Having, defined the schema implicit to our document database, let us now create data as follows
insert
$a isa employee,
has name "Ana",
$addr_a (owner: $a) isa address,
has street "Ant Street",
has city "Austin";
$b isa employee,
has name "Bob",
$addr_b (owner: $b) isa address,
has street "Bee Street",
has city "Boston";
$e isa team,
has team_name "Engineering";
(team: $e, member: $a) isa team_member_list;
$n isa team,
has team_name "Marketing";
(team: $e, member: $a, member: $b) isa team_member_list;
Easy! Though, we should add that our remark about the “deconceptualization” in the relational case still applies here as well. This means that just like “join tables”, some collections will, in fact, be better understood as dependent concepts, but this design choice will have to be made on a case-by-case basis.
Adding polymorphism to the picture
In the previous sections we’ve seen detailed de-constructions of the relation, graph, and document model into their fundamental concepts and concept dependencies. Then, exploiting the fact that the PERA model builds directly on a conceptual model, we were able to easily migrate our data. Our insights from each of these migrations are summarized in the diagrams below: here, for each model, we illustrate its respective terminology for concepts (depicted using boxes) as well as how these concepts may be interdependent on each other (depicted by arrows).
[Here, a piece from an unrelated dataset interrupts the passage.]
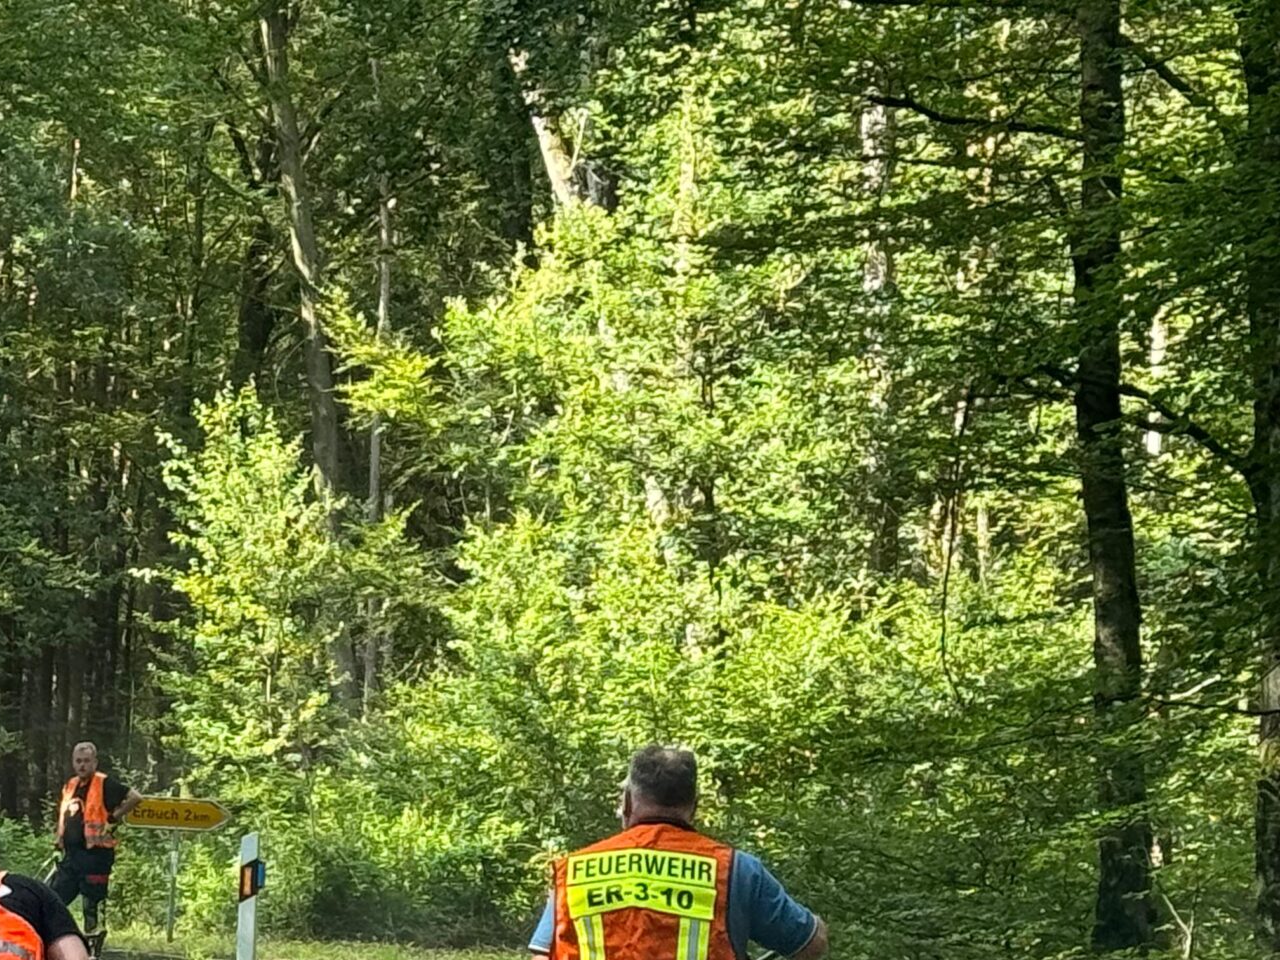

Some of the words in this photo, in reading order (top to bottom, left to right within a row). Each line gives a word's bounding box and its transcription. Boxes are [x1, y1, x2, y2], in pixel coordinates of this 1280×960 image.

The graphic powerfully illustrates the following important point. Across relational, graph, and document model, we find a successive increase of flexibility in “what can depend on what” (for example, in the graph model edges may have properties, which is not the case for foreign-keys in the relational model). Besides this observation however, the diagrams for all three models do not differ very much in their simple fundamental approach to understanding data via conceptualization and concept dependency.
Summary
The PERA model not only refines existing models, capturing each part of the above diagrams in their fully general form, but it also naturally infuses the diagram with a new idea: polymorphism—or, in more detail, the idea of abstracting dependencies using interface polymorphism, and the idea of organizing concepts using inheritance polymorphism. This represents a further step in the above succession of data models, yielding a polymorphic conceptual data model (for the interested reader, we refer to our article need for polymorphism in databases for a discussion on the impact that native, zero-cost polymorphism can have on database engineering). This positions the PERA model as a powerful generalization of existing data modeling paradigms.